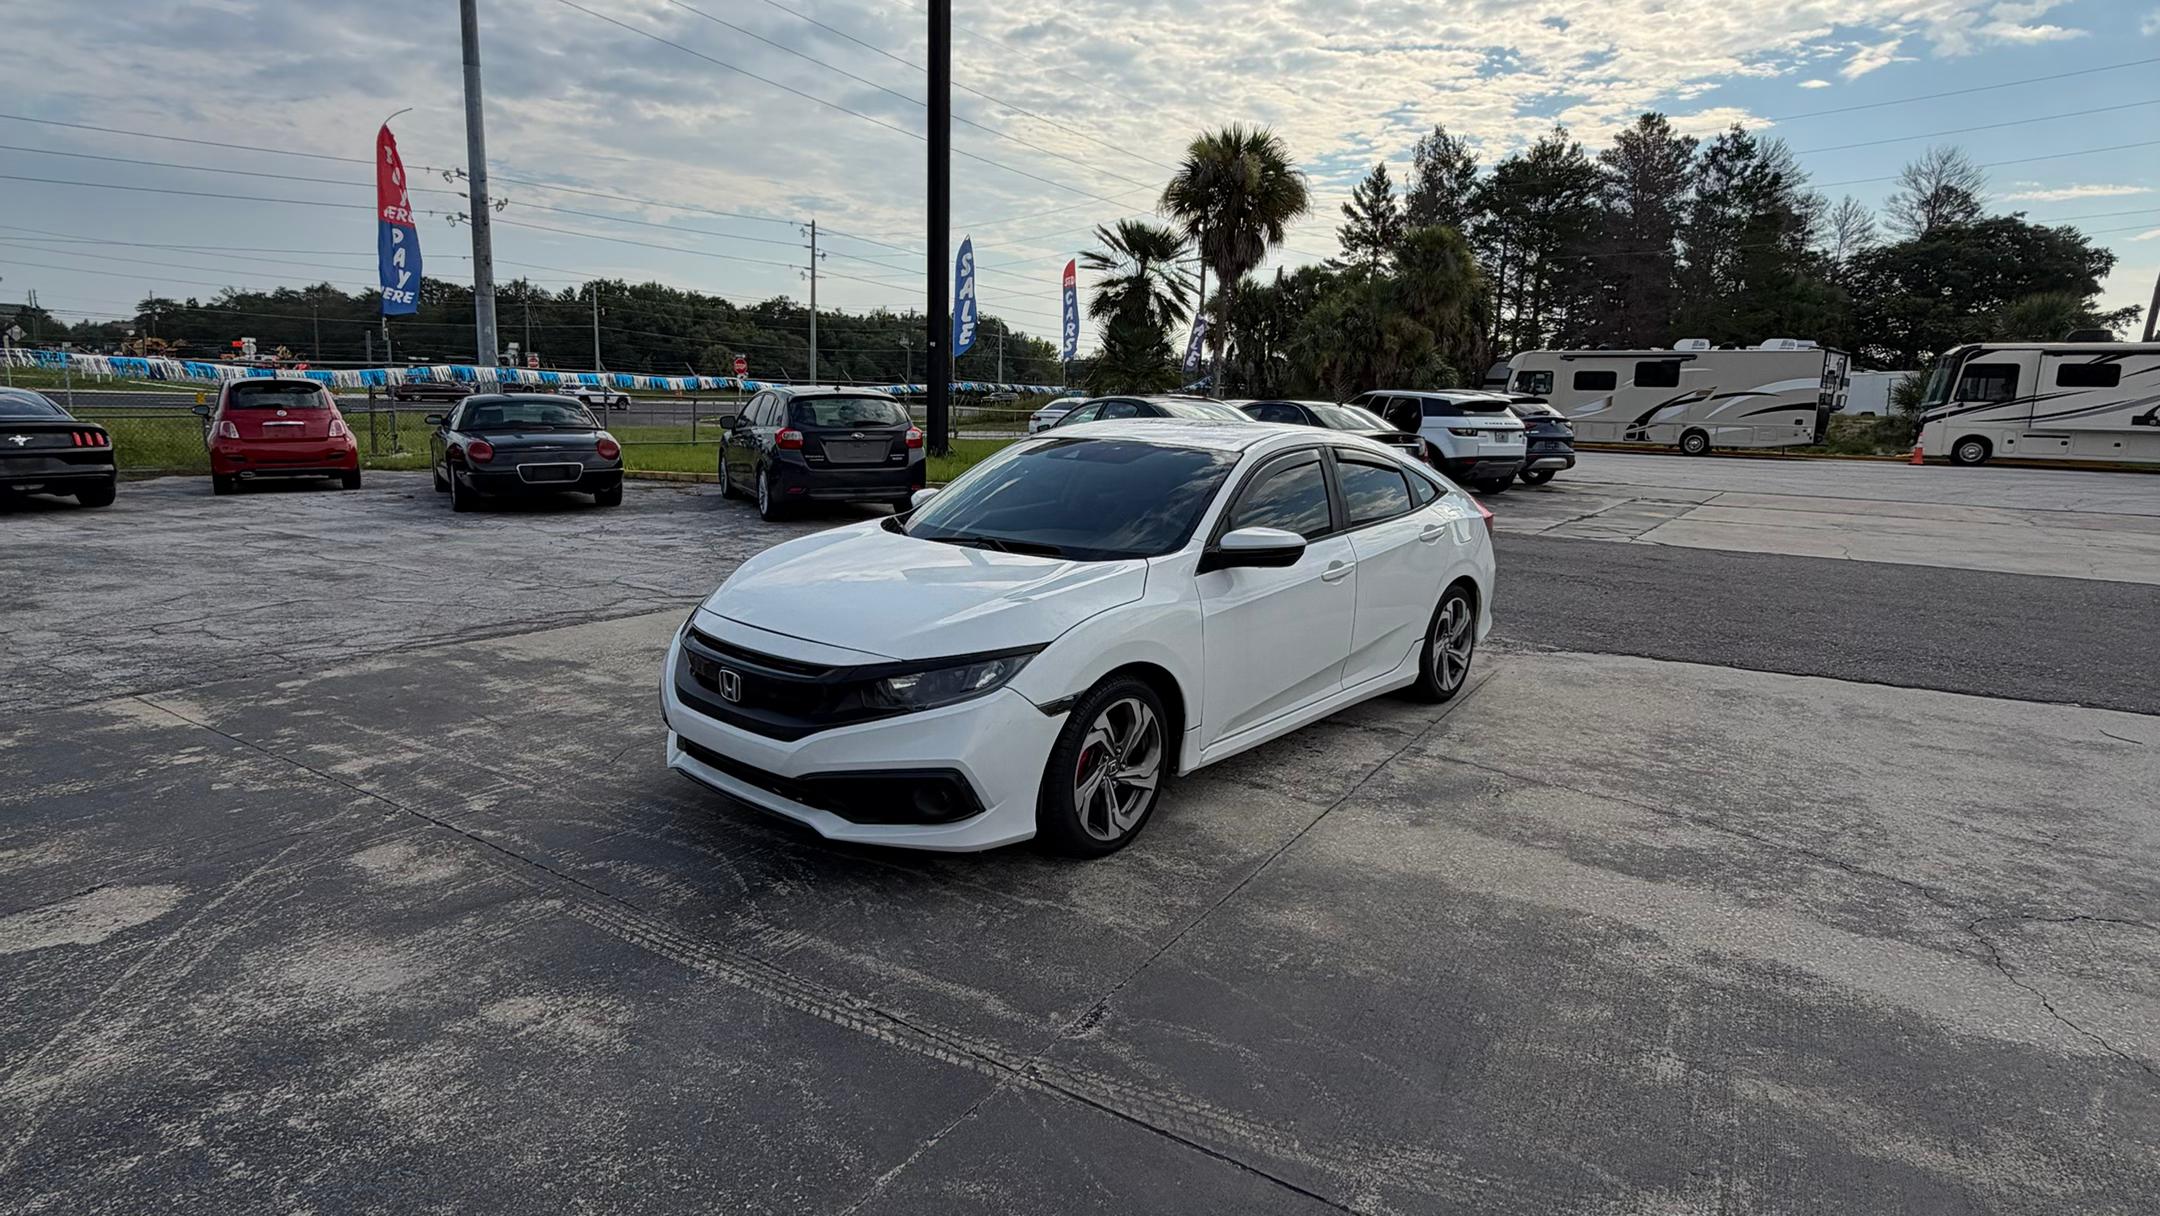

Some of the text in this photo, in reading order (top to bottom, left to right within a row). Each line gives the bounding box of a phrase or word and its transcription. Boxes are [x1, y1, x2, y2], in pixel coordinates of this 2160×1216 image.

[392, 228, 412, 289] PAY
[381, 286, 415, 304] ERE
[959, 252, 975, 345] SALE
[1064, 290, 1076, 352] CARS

───

**EXERCISE DESCRIPTION**
Everything in the entries must be written out exactly; the pictures stay out.

**RESPONSE TO THIS EXERCISE**
Some of the text in this photo, in reading order (top to bottom, left to right within a row). Each line gives the bounding box of a phrase or word and its transcription. Boxes are [x1, y1, x2, y2], in pixel coordinates of this 2160×1216 image.

[392, 228, 412, 289] PAY
[381, 286, 415, 304] ERE
[959, 252, 975, 345] SALE
[1064, 290, 1076, 352] CARS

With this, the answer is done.